Omit the pictures, then reproduce every remaining record exactly.

___

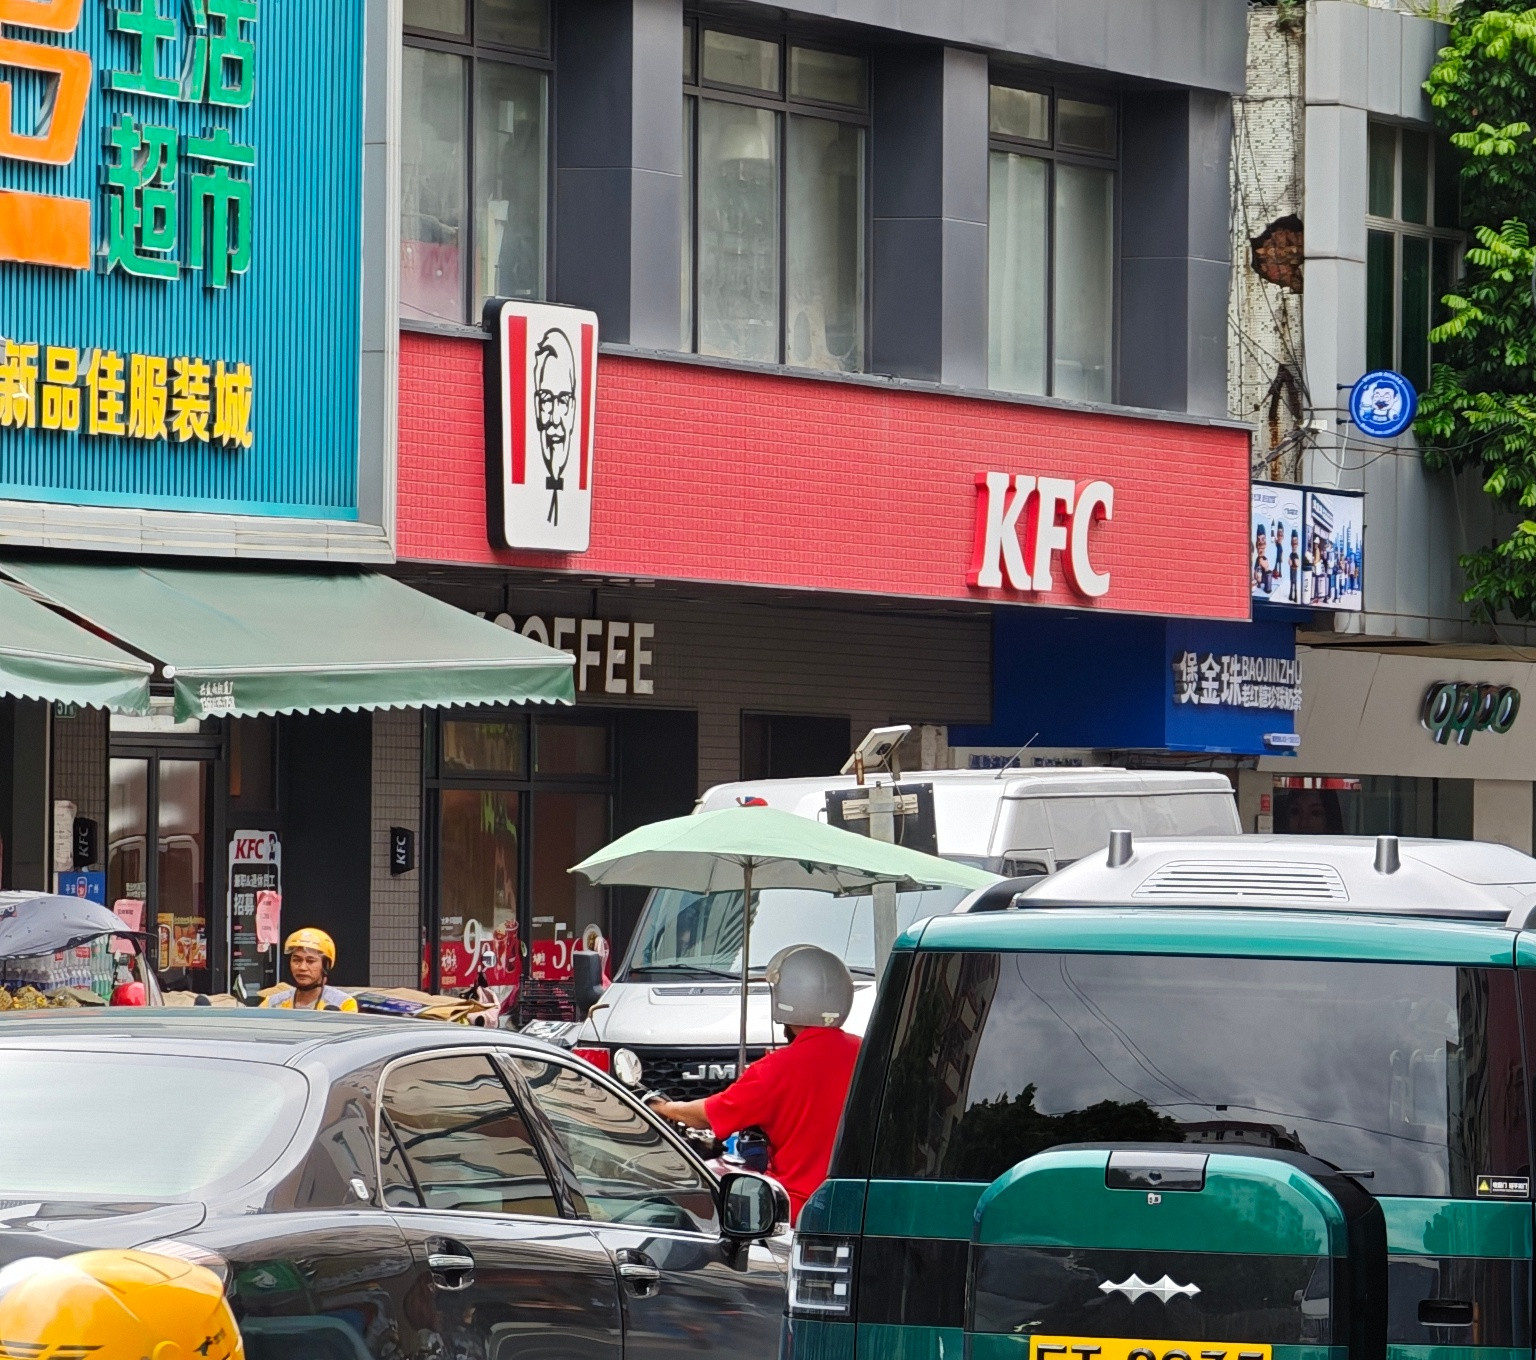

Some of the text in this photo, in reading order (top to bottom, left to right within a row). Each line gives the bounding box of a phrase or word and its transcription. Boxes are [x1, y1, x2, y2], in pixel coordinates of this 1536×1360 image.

[98, 112, 256, 289] 超市
[970, 471, 1115, 597] KFC
[1242, 656, 1304, 684] BAOJINZHU
[234, 838, 264, 860] KFC
[395, 836, 407, 866] KFC

___

SOLUTION ->
Some of the text in this photo, in reading order (top to bottom, left to right within a row). Each line gives the bounding box of a phrase or word and its transcription. Boxes are [x1, y1, x2, y2], in pixel coordinates of this 1536×1360 image.

[98, 112, 256, 289] 超市
[970, 471, 1115, 597] KFC
[1242, 656, 1304, 684] BAOJINZHU
[234, 838, 264, 860] KFC
[395, 836, 407, 866] KFC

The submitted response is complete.